◆ **Try it**
The exercise calls for exact output of the lines between the one that contains "this 1800×900 image." and the end of the data, with both ends kept and pictures left out.
──────
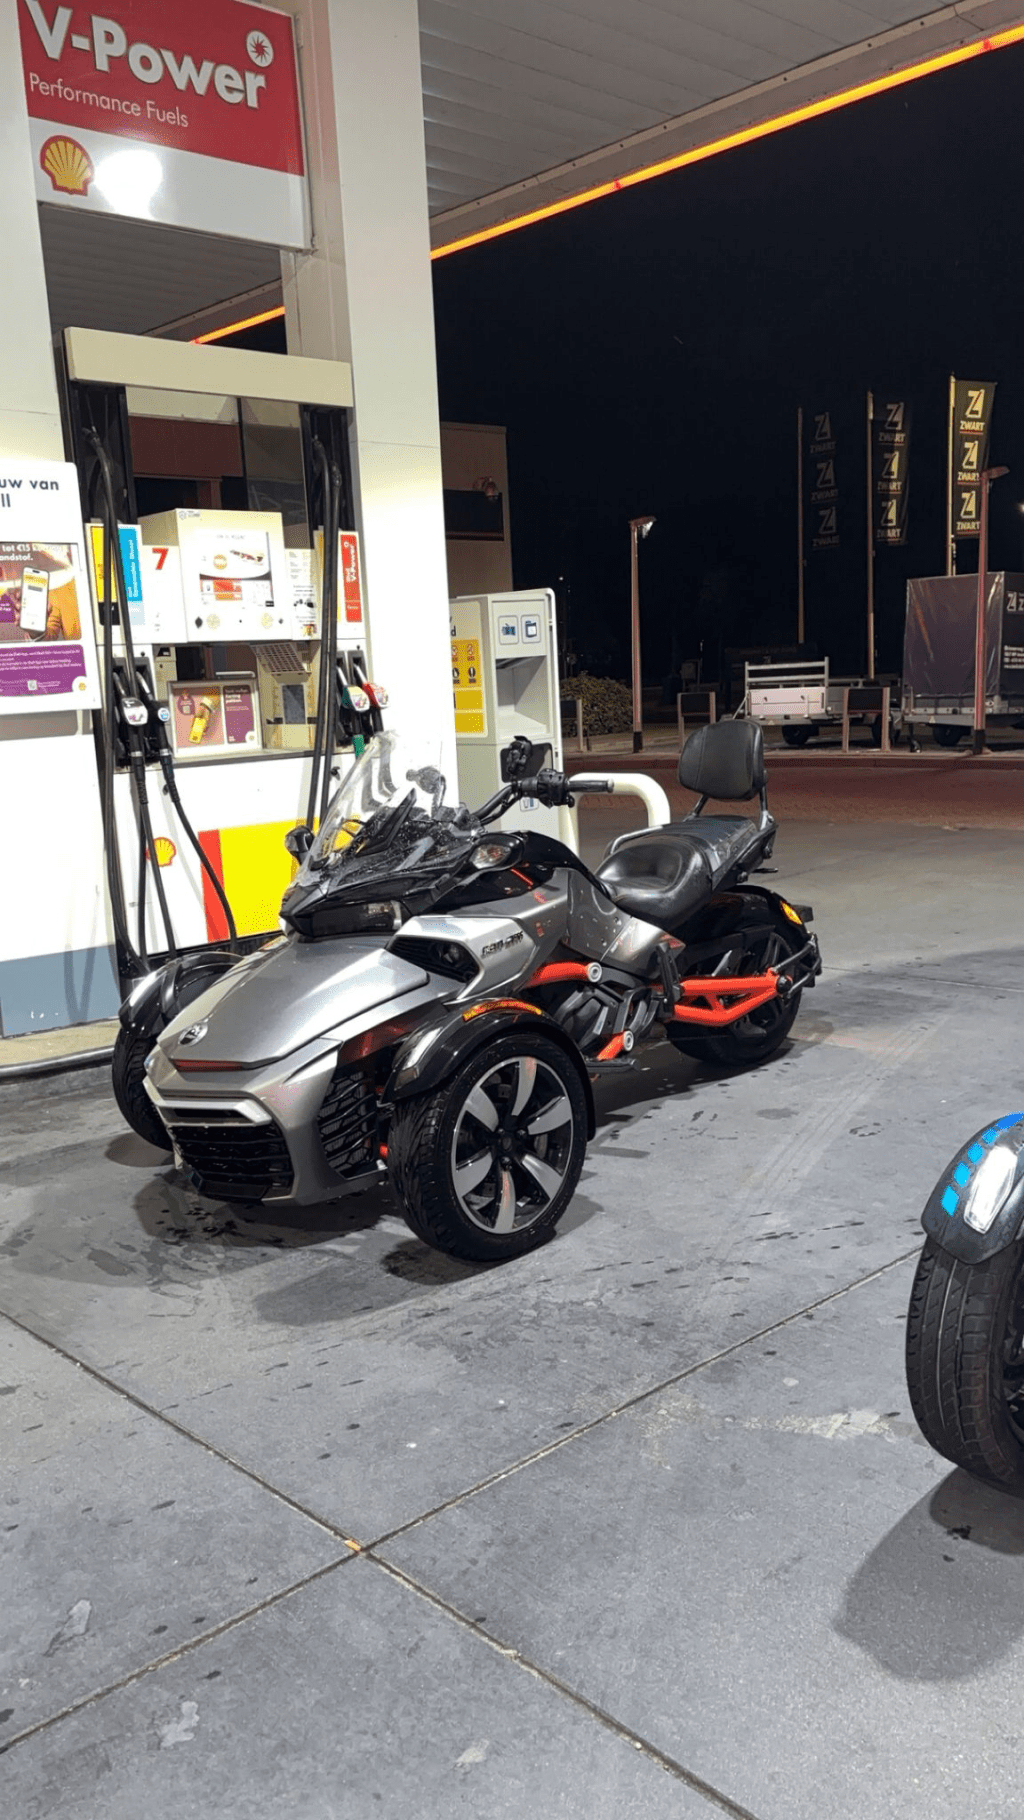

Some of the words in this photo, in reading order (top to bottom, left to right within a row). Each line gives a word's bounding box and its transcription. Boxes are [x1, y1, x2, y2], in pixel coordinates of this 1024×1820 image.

[25, 0, 266, 109] V-Power
[29, 72, 141, 117] Performance
[146, 101, 189, 128] Fuels
[960, 421, 985, 431] ZWART
[29, 480, 59, 490] van
[956, 521, 980, 531] ZWART
[152, 548, 169, 570] 7
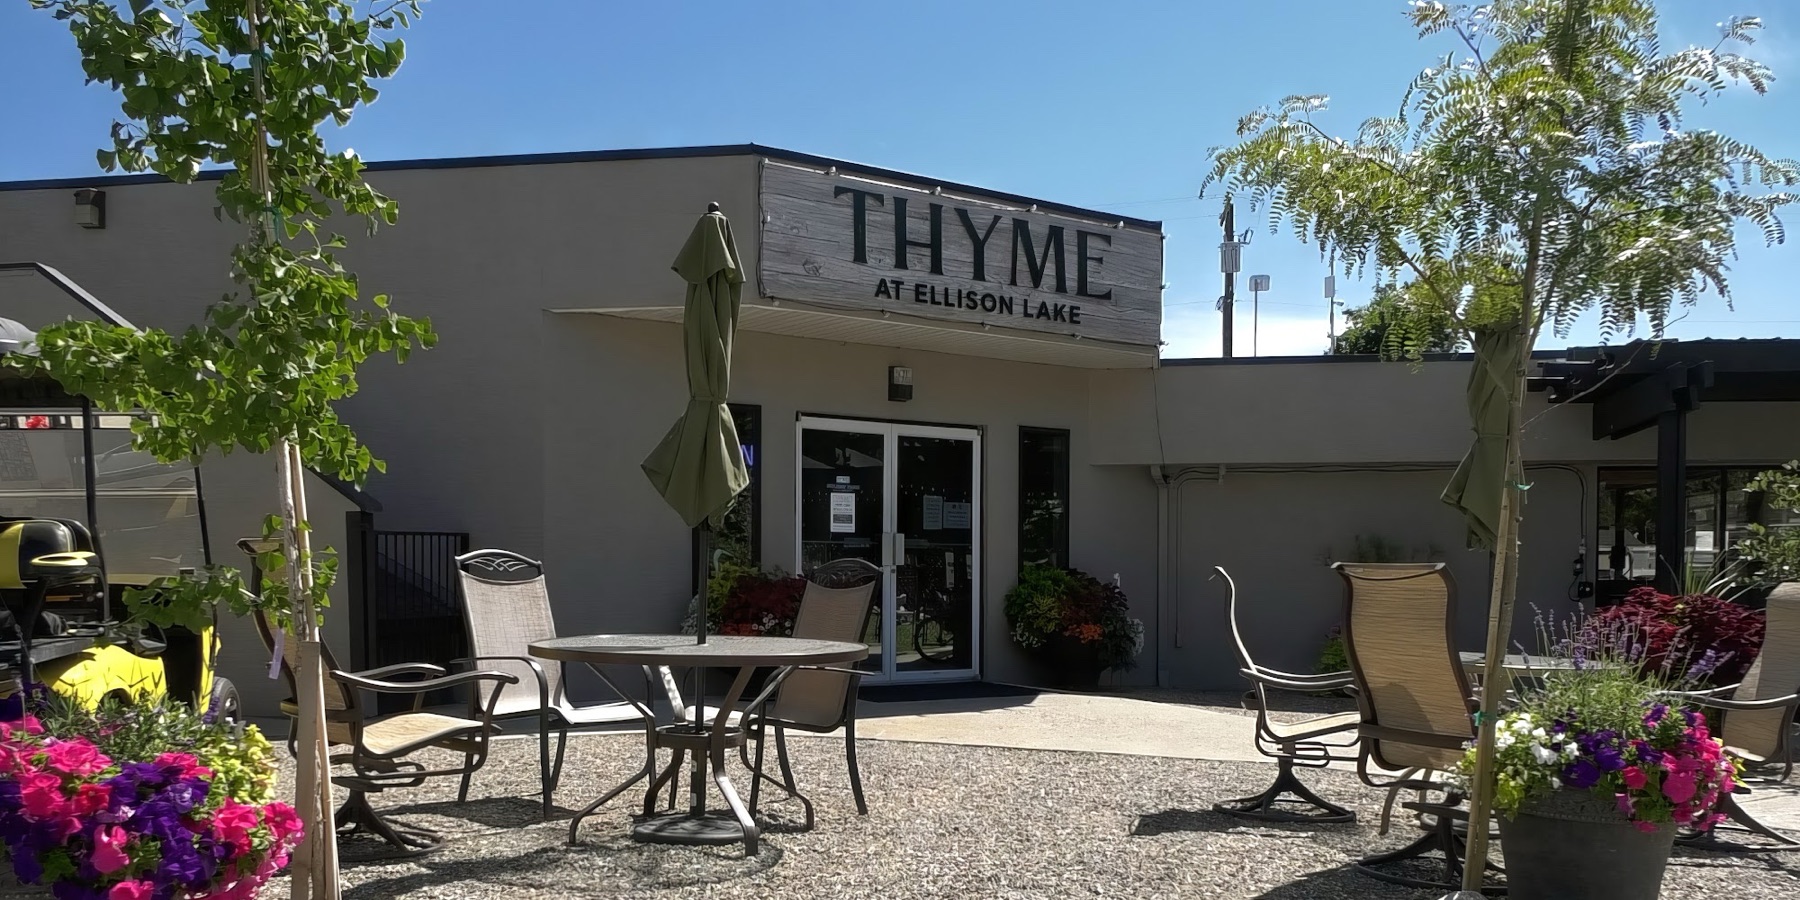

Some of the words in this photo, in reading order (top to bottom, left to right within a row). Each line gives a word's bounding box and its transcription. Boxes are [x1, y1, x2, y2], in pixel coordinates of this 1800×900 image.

[834, 186, 1112, 299] THYME
[875, 278, 904, 300] AT
[915, 284, 1013, 315] ELLISON
[1023, 298, 1081, 324] LAKE
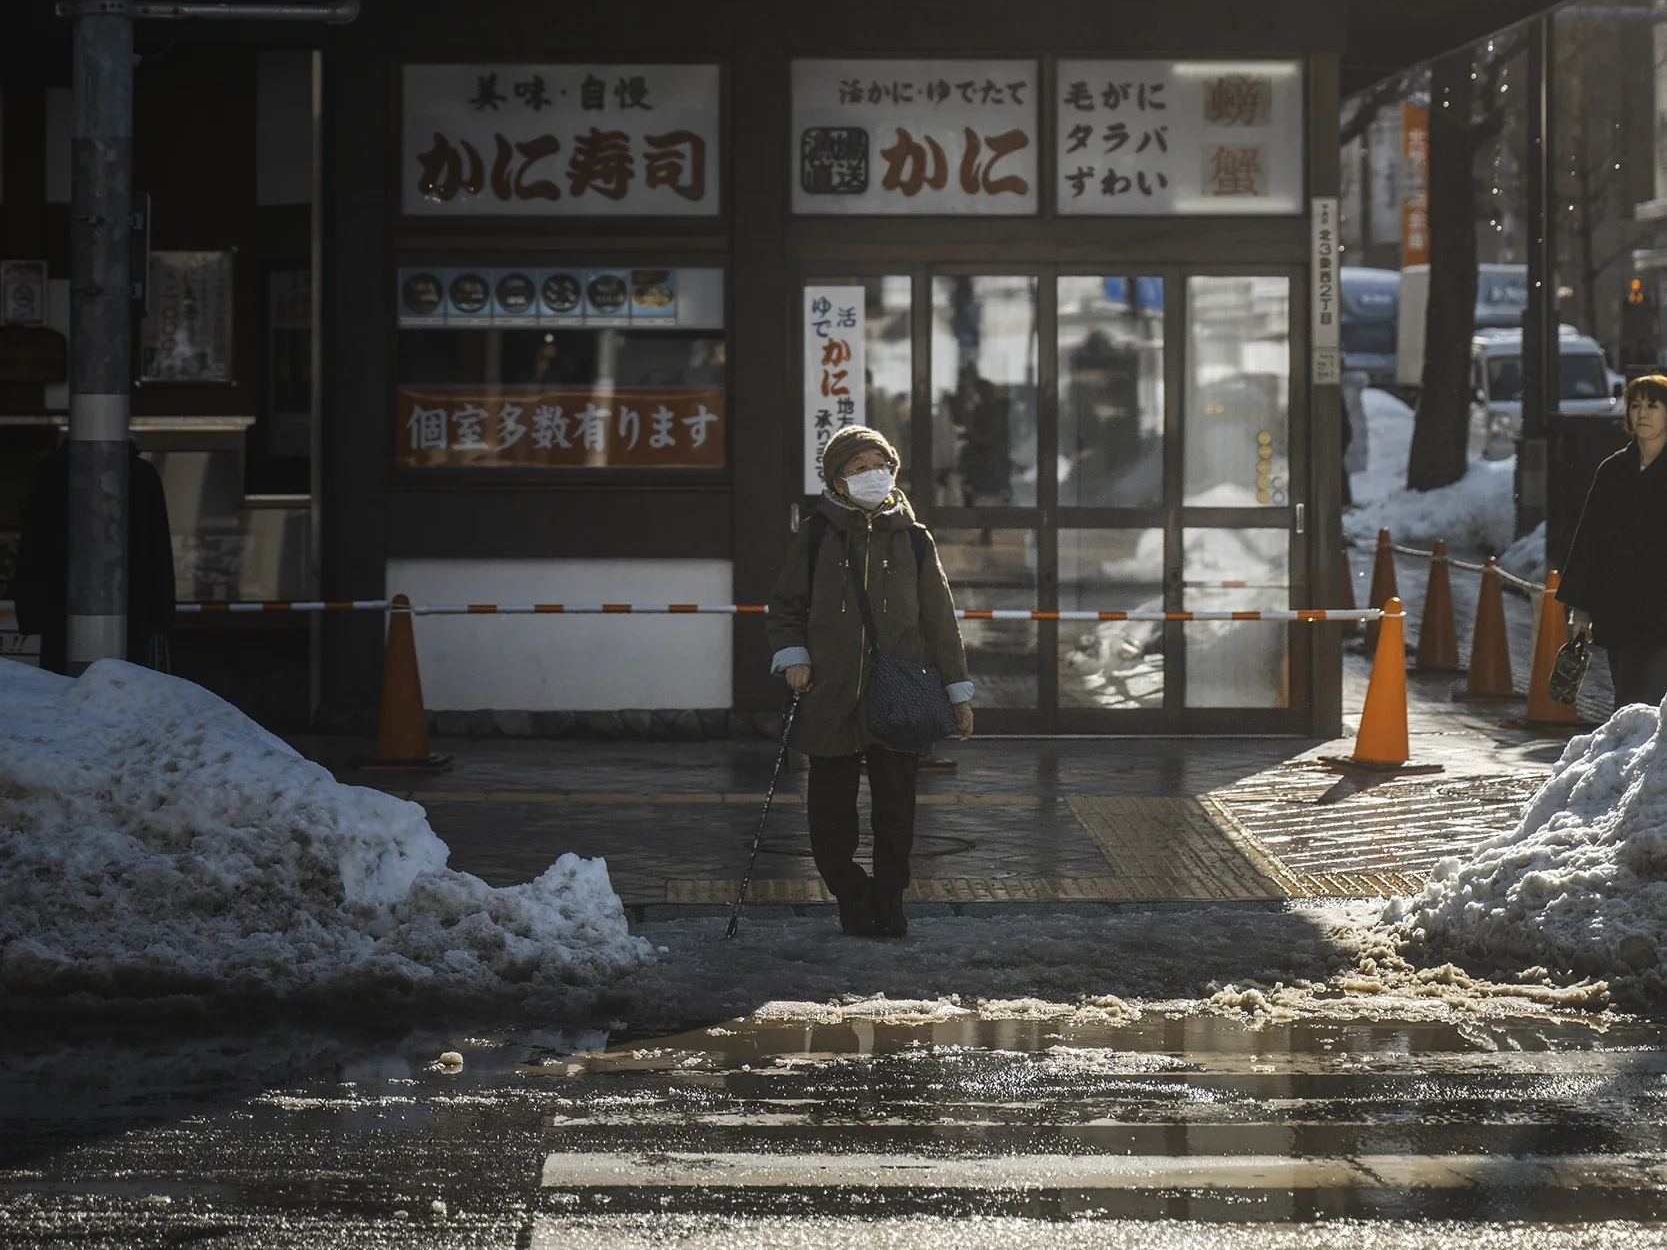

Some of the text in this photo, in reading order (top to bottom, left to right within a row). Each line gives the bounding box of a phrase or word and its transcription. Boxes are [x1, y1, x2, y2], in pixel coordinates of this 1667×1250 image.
──────
◆ **Answer space**
Some of the words in this photo, in reading order (top to bottom, left to right within a row). Each line gives a word's bounding box and its transcription. Boxes are [x1, y1, x2, y2], in pixel coordinates of this 1800×900 image.

[834, 186, 1112, 299] THYME
[875, 278, 904, 300] AT
[915, 284, 1013, 315] ELLISON
[1023, 298, 1081, 324] LAKE

Some of the text in this photo, in reading order (top to bottom, left to right within a row). Each line gives the bounding box of a phrase or word and its transcription. Boxes are [x1, y1, x2, y2], in pixel coordinates of this 1667×1250 image.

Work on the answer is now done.